* **DESCRIPTION OF THE TASK**
From first line to last, copy the listing exactly and omit its pictures.

* **RECORDS SHOWN**
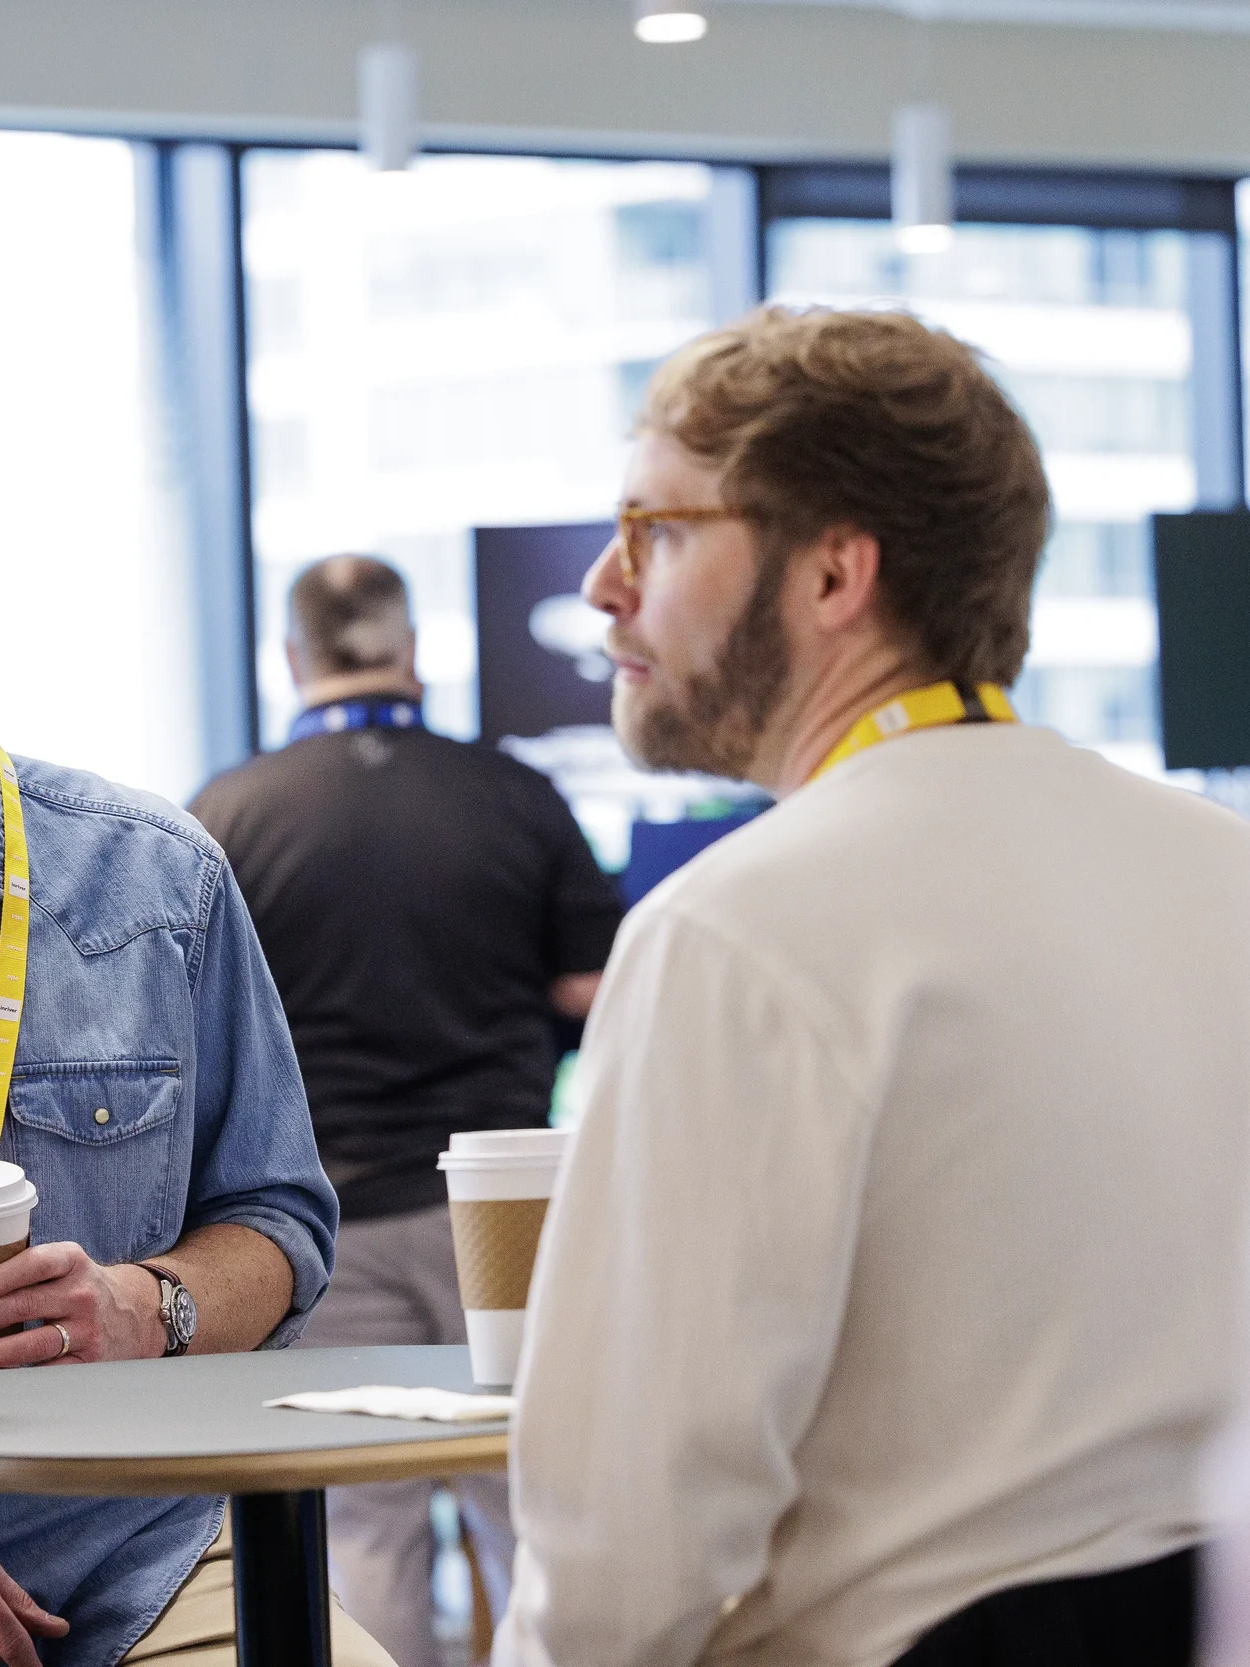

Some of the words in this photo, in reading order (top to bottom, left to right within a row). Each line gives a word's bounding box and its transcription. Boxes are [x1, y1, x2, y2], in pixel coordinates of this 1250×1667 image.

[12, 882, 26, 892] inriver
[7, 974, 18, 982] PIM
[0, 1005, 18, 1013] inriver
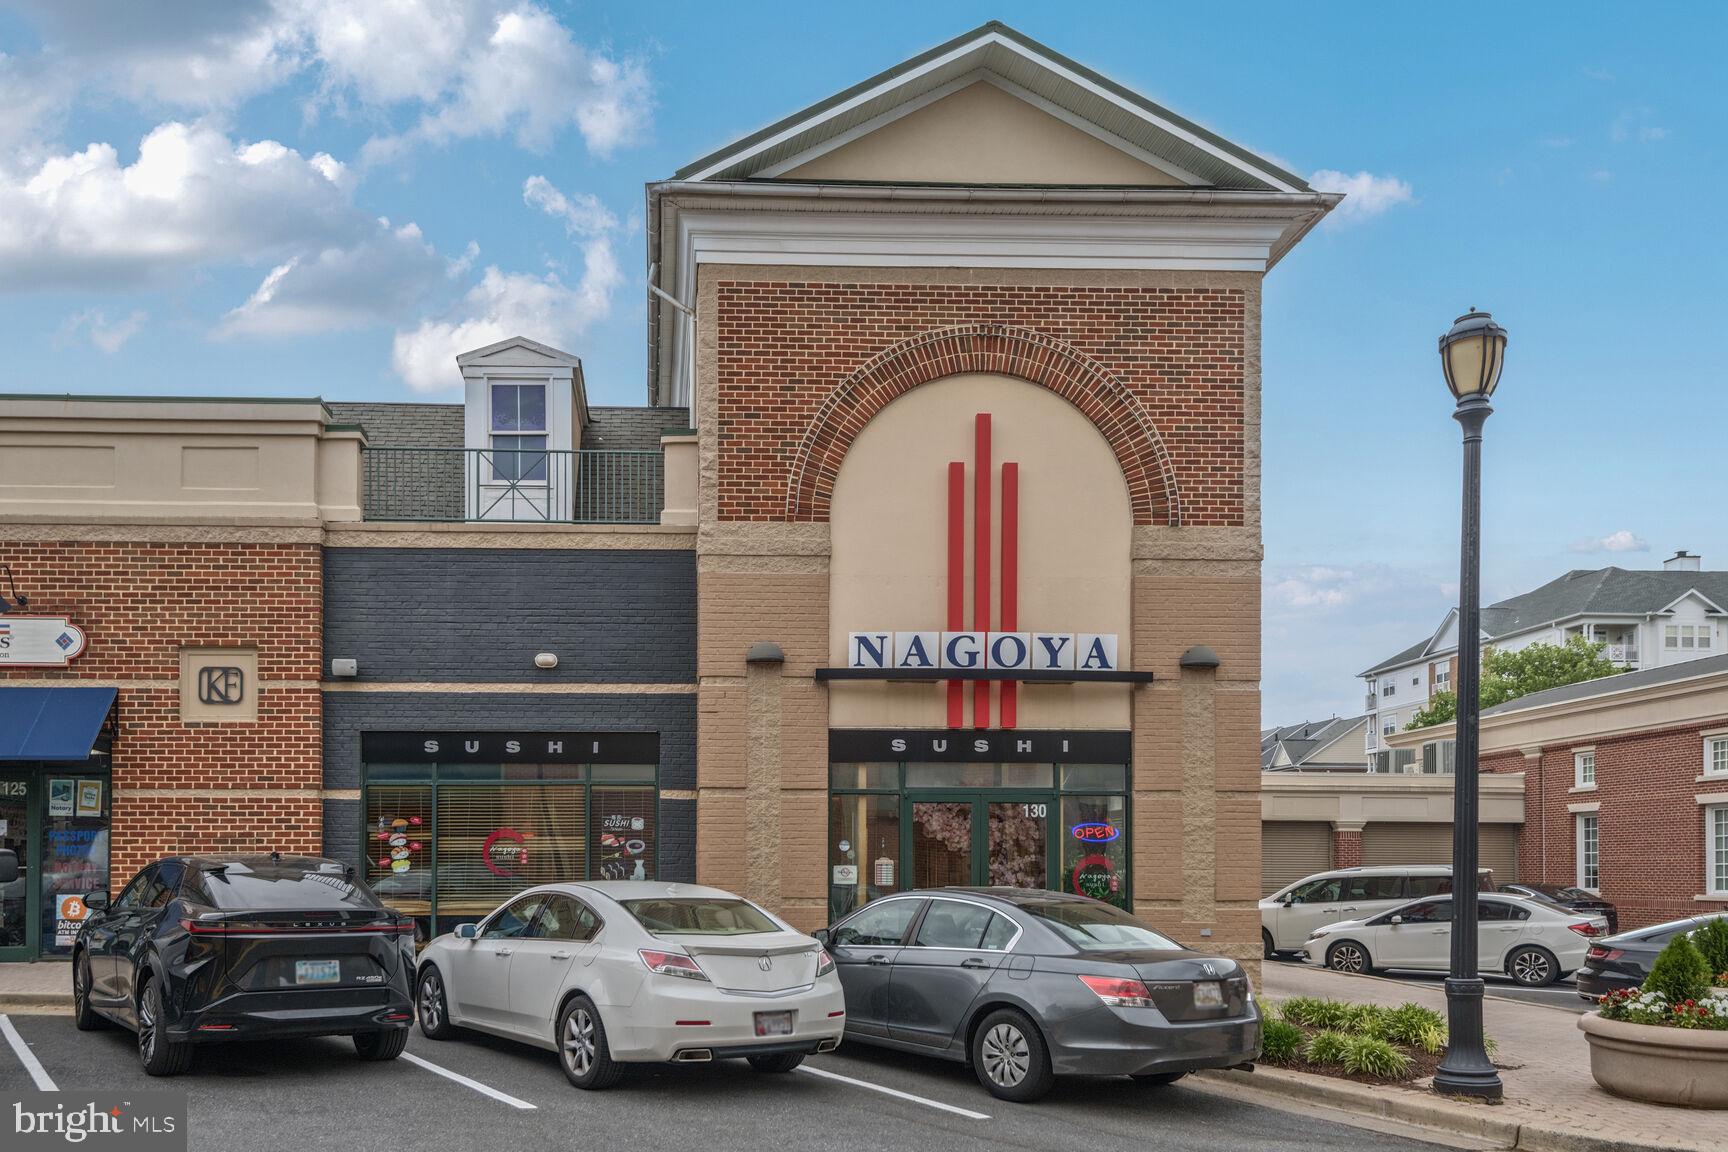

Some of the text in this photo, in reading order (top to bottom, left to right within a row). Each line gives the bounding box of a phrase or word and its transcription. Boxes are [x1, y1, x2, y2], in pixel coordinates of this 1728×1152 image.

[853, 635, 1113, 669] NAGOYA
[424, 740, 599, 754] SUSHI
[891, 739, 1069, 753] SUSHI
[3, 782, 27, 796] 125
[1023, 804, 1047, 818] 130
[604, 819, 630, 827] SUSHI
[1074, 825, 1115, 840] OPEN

* **RESPONSE TO THE EXERCISE**
Some of the words in this photo, in reading order (top to bottom, left to right within a row). Each line gives a word's bounding box and its transcription. Boxes are [x1, y1, x2, y2], in pixel coordinates of this 1250×1667 image.

[12, 882, 26, 892] inriver
[7, 974, 18, 982] PIM
[0, 1005, 18, 1013] inriver

Some of the text in this photo, in reading order (top to bottom, left to right within a row). Each line gives the bounding box of a phrase or word and its transcription. Boxes are [x1, y1, x2, y2], in pixel coordinates of this 1728×1152 image.

[853, 635, 1113, 669] NAGOYA
[424, 740, 599, 754] SUSHI
[891, 739, 1069, 753] SUSHI
[3, 782, 27, 796] 125
[1023, 804, 1047, 818] 130
[604, 819, 630, 827] SUSHI
[1074, 825, 1115, 840] OPEN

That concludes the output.